Geography
- Location: Lancaster, California, United States

Organization
- Care system: Private
- Type: Community
- Affiliated university: None

Services
- Emergency department: level II trauma center
- Beds: 420

History
- Opened: 1955

Links
- Website: http://www.avmc.org/
- Lists: Hospitals in California

= Antelope Valley Hospital =

Antelope Valley Medical Center (AVMC) is a district hospital located in Lancaster, California specializing in acute care. It has 420 beds and is accredited by the Joint Commission. In March 2010 AVMC was declared one of the 14 trauma centers in Los Angeles County.

==Hospital rating data==
The HealthGrades website contains the latest quality data for Antelope Valley Medical Center, as of 2015. For this rating section three different types of data from HealthGrades are presented: quality ratings for 27 inpatient conditions and procedures, 13 patient safety indicators, percentage of patients giving the hospital a 9 or 10 (the two highest possible ratings).

For inpatient conditions and procedures, there are three possible ratings: worse than expected, as expected, better than expected.

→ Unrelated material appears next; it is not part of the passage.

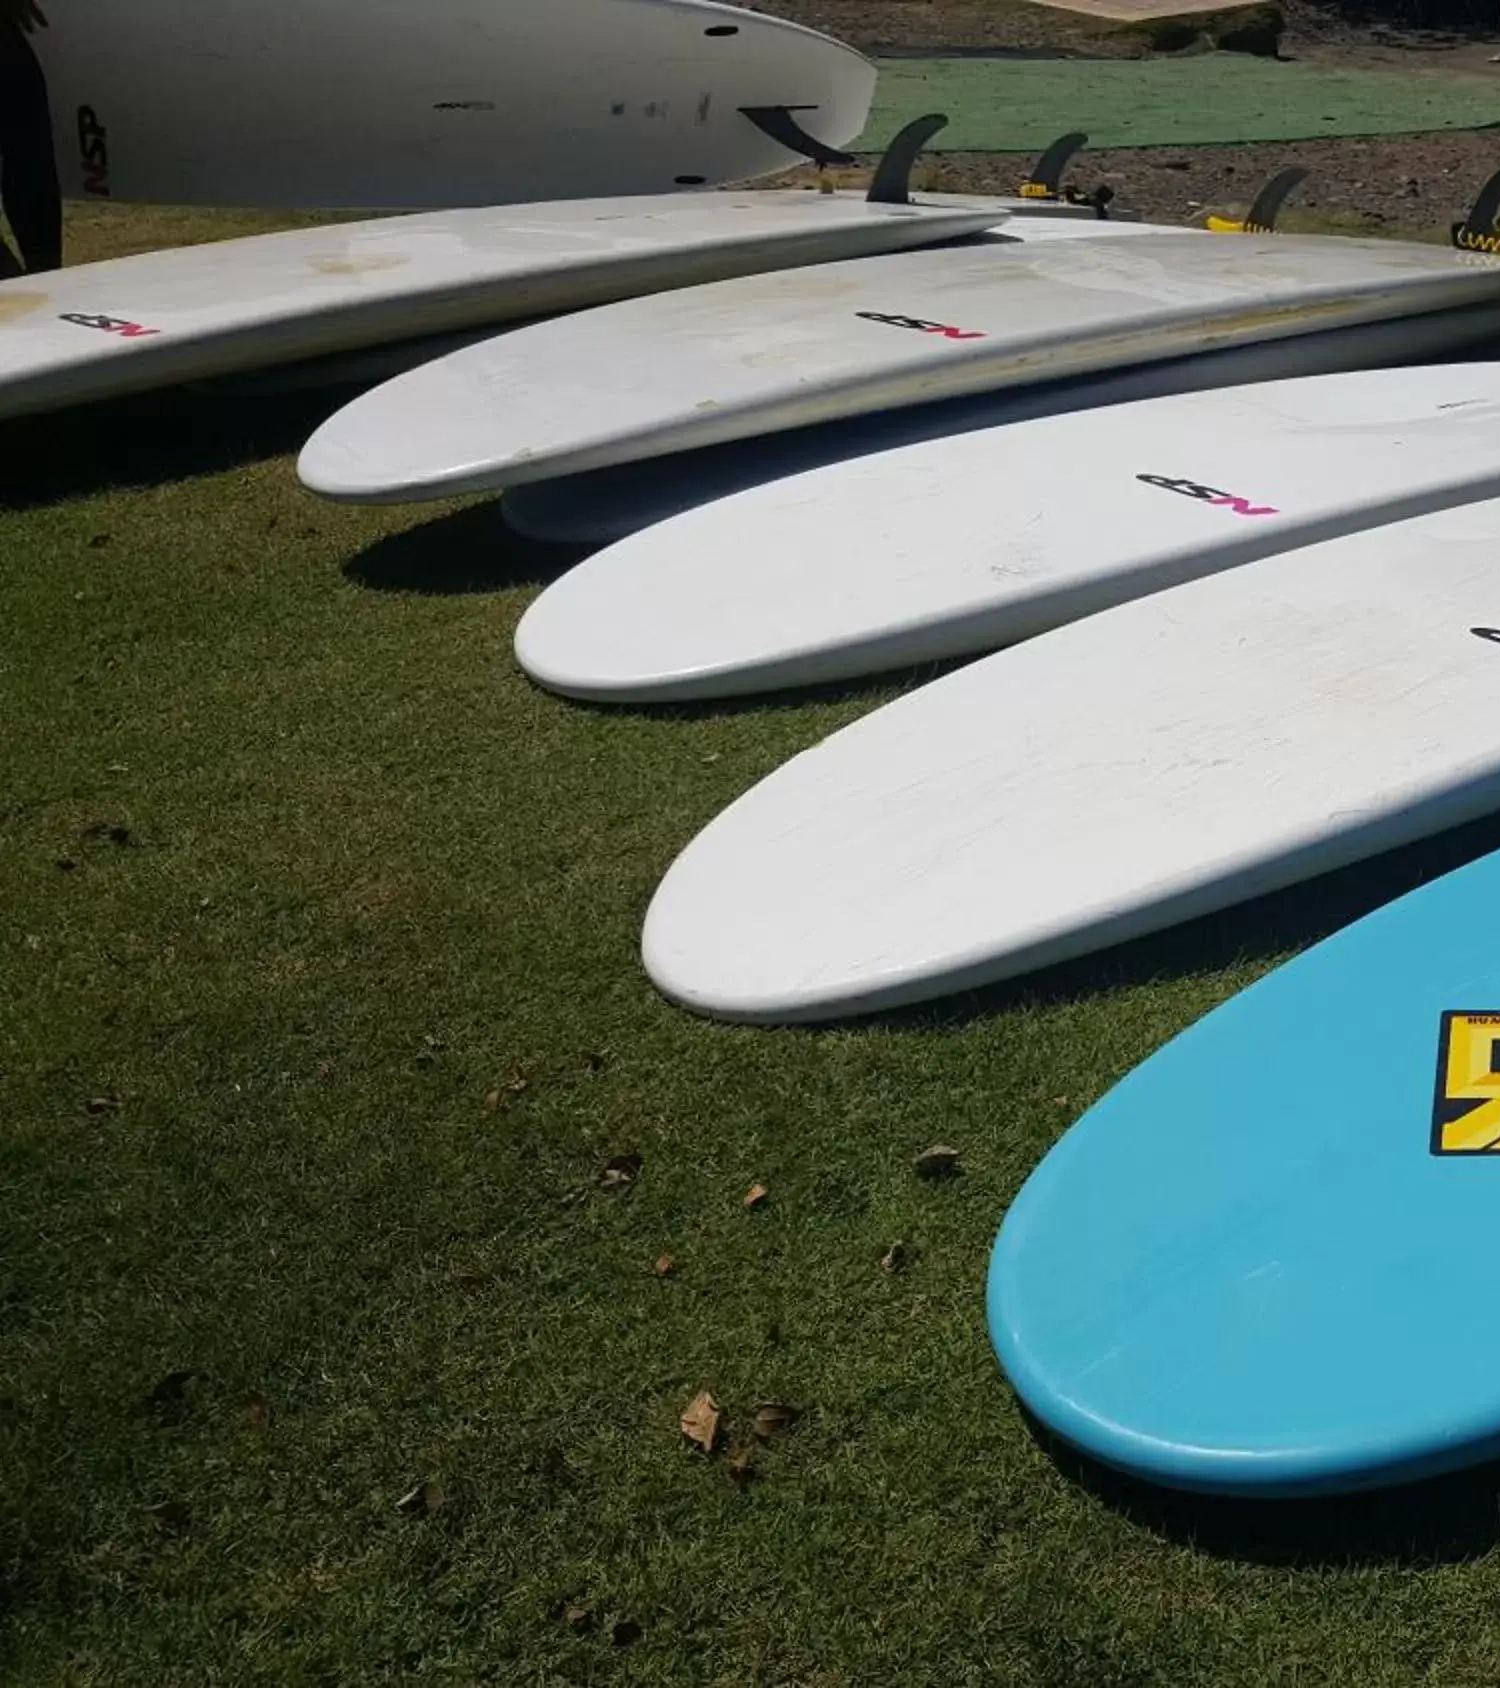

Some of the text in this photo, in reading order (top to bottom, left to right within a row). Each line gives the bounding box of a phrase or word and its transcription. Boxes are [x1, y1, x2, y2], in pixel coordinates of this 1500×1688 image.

For Antelope Valley Medical Center the data for this category is:
- Worse than expected - 13
- As expected - 14
- Better than expected - 0

For patient safety indicators, there are the same three possible ratings. For this hospital four indicators were rated as:
- Worse than expected - 4
- As expected - 9
- Better than expected - 0

Data for patients giving this hospital a 9 or 10 are:
- Patients rating this hospital as a 9 or 10 - 57%
- Patients rating hospitals as a 9 or 10 nationally - 69%

== Stroke Program ==
Antelope Valley Medical Center currently has an Advanced Primary Stroke Center Certification by the American Heart Association. This designation signifies that AVH has the equipment, infrastructure, staff, and training programs needed to provide care based on the most current research and standards to foster better outcomes for patients who have had a stroke. To effectively treat the most common type of stroke ‑ ischemic stroke ‑ doctors must administer an intravenous clot‑dissolving medication within 4.5 hours from the onset of symptoms. AVMC consistently treats patients within the 60‑minute door‑to‑needle goal.